*** Opening Material for this exercise ***

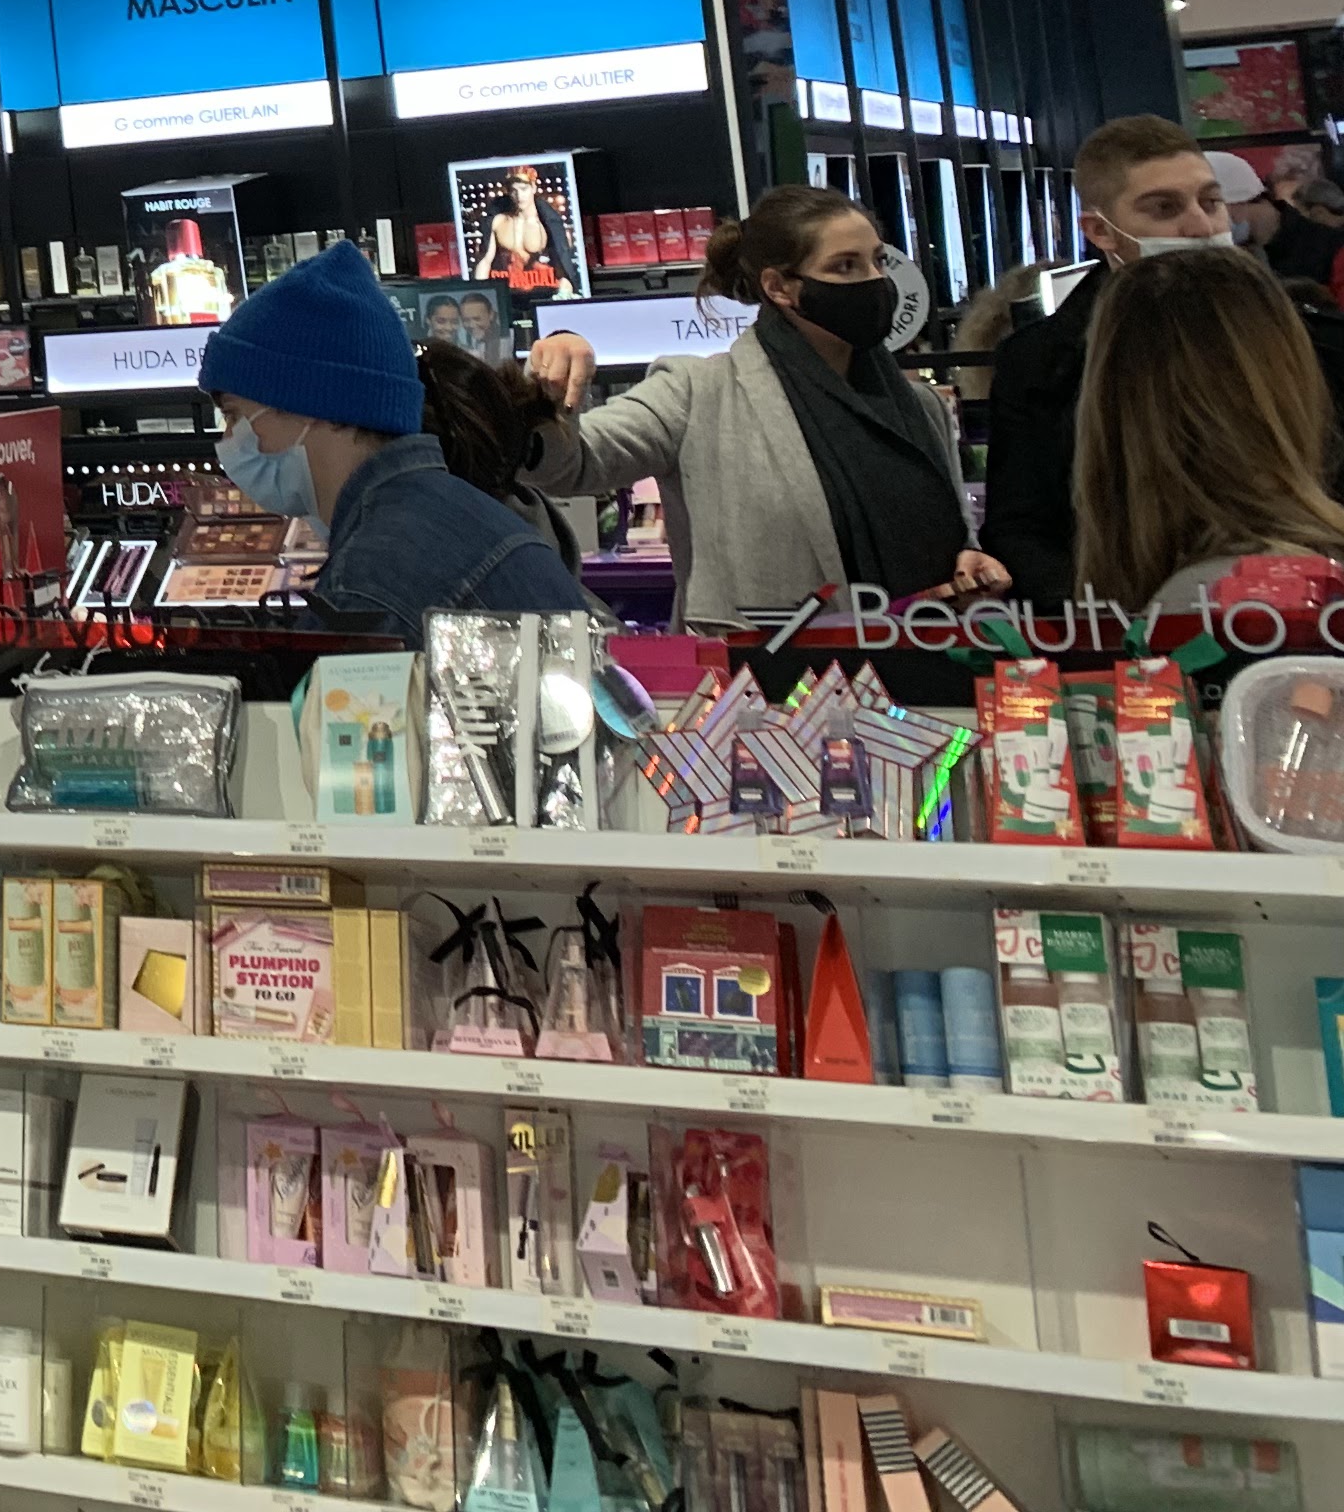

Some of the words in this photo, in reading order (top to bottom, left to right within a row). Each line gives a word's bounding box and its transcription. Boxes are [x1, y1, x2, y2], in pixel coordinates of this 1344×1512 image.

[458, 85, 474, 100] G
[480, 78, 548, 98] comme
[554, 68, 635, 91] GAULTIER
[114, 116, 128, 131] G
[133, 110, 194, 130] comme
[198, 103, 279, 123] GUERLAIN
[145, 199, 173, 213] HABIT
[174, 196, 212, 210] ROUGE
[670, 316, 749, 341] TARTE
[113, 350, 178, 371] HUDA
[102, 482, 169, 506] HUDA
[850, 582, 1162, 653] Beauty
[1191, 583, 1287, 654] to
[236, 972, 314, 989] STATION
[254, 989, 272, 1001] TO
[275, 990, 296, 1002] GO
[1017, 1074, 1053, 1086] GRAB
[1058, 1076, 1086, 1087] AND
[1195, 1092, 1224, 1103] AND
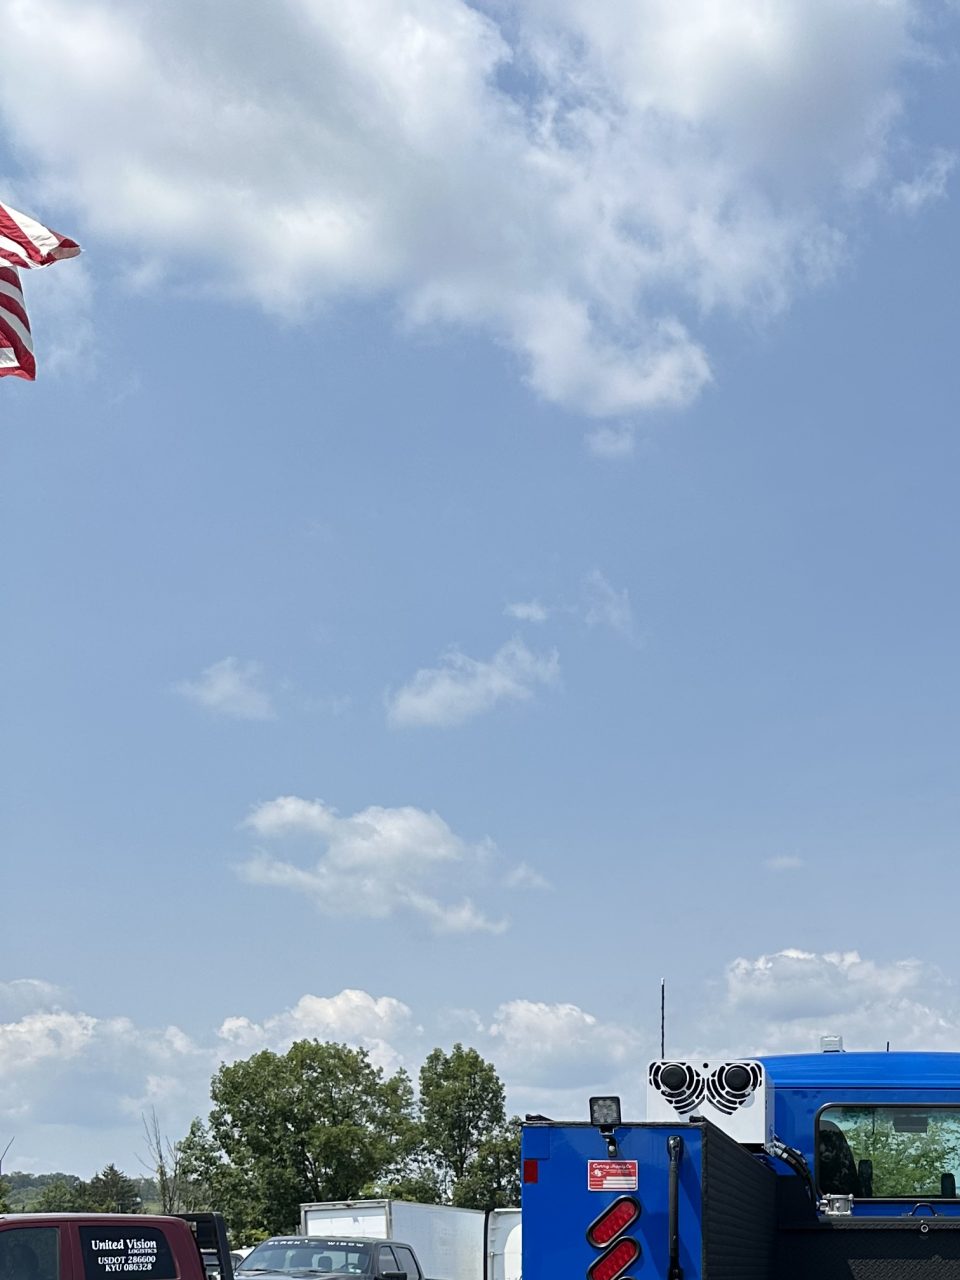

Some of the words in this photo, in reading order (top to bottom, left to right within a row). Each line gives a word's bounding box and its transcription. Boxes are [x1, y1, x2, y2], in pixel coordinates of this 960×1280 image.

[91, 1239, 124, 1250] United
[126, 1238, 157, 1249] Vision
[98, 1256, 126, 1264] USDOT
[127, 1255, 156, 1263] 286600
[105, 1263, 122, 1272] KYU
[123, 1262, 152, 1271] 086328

*** Closing Material for this exercise ***

**Assignment:** The pictures should be dropped, and every line above should be set down again exactly.

**Your response:**
Some of the words in this photo, in reading order (top to bottom, left to right within a row). Each line gives a word's bounding box and its transcription. Boxes are [x1, y1, x2, y2], in pixel coordinates of this 1344×1512 image.

[458, 85, 474, 100] G
[480, 78, 548, 98] comme
[554, 68, 635, 91] GAULTIER
[114, 116, 128, 131] G
[133, 110, 194, 130] comme
[198, 103, 279, 123] GUERLAIN
[145, 199, 173, 213] HABIT
[174, 196, 212, 210] ROUGE
[670, 316, 749, 341] TARTE
[113, 350, 178, 371] HUDA
[102, 482, 169, 506] HUDA
[850, 582, 1162, 653] Beauty
[1191, 583, 1287, 654] to
[236, 972, 314, 989] STATION
[254, 989, 272, 1001] TO
[275, 990, 296, 1002] GO
[1017, 1074, 1053, 1086] GRAB
[1058, 1076, 1086, 1087] AND
[1195, 1092, 1224, 1103] AND

Some of the words in this photo, in reading order (top to bottom, left to right within a row). Each line gives a word's bounding box and its transcription. Boxes are [x1, y1, x2, y2], in pixel coordinates of this 960×1280 image.

[91, 1239, 124, 1250] United
[126, 1238, 157, 1249] Vision
[98, 1256, 126, 1264] USDOT
[127, 1255, 156, 1263] 286600
[105, 1263, 122, 1272] KYU
[123, 1262, 152, 1271] 086328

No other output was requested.